* **What to work on**: Omitting all images, transcribe the listing word for word.

* **Dataset content**:
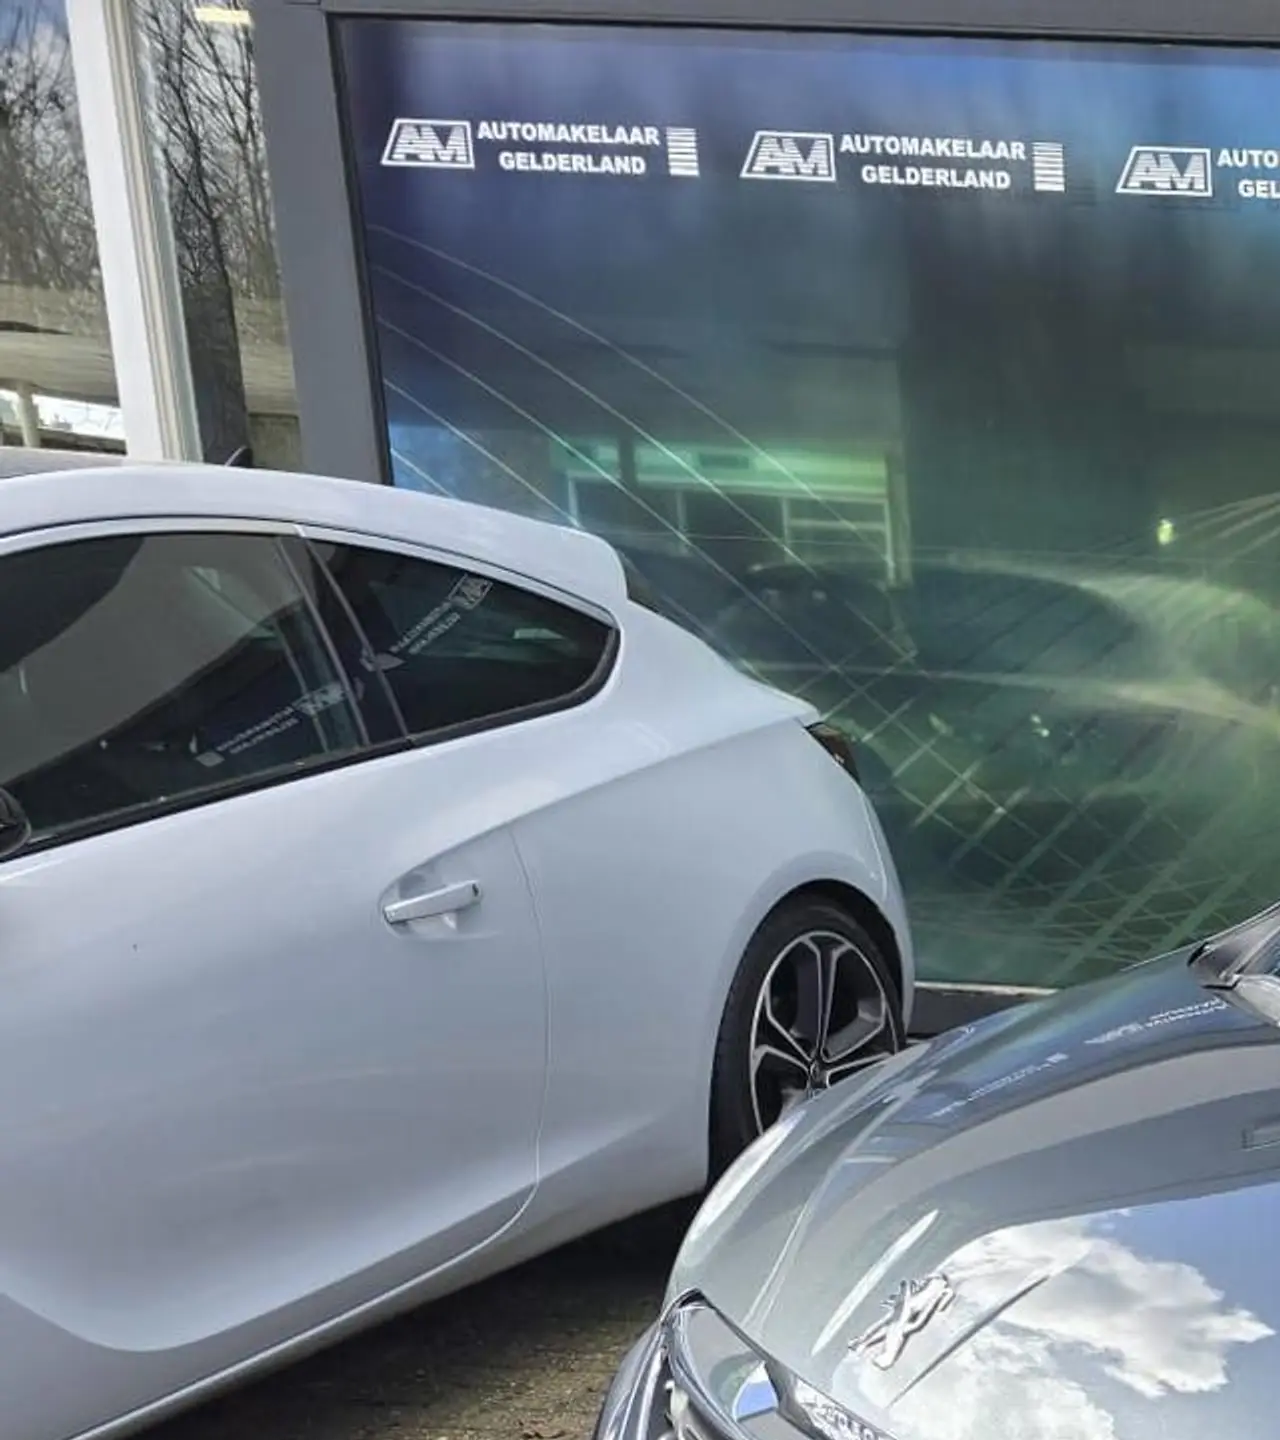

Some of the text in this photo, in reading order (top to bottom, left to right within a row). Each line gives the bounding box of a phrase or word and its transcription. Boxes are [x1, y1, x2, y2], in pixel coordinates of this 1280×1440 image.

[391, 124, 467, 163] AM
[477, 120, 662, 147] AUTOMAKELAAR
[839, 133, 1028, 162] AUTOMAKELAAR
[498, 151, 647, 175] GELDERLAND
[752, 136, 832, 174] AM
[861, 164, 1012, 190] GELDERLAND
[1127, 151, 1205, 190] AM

* **Completed exercise**:
Some of the text in this photo, in reading order (top to bottom, left to right within a row). Each line gives the bounding box of a phrase or word and its transcription. Boxes are [x1, y1, x2, y2], in pixel coordinates of this 1280×1440 image.

[391, 124, 467, 163] AM
[477, 120, 662, 147] AUTOMAKELAAR
[839, 133, 1028, 162] AUTOMAKELAAR
[498, 151, 647, 175] GELDERLAND
[752, 136, 832, 174] AM
[861, 164, 1012, 190] GELDERLAND
[1127, 151, 1205, 190] AM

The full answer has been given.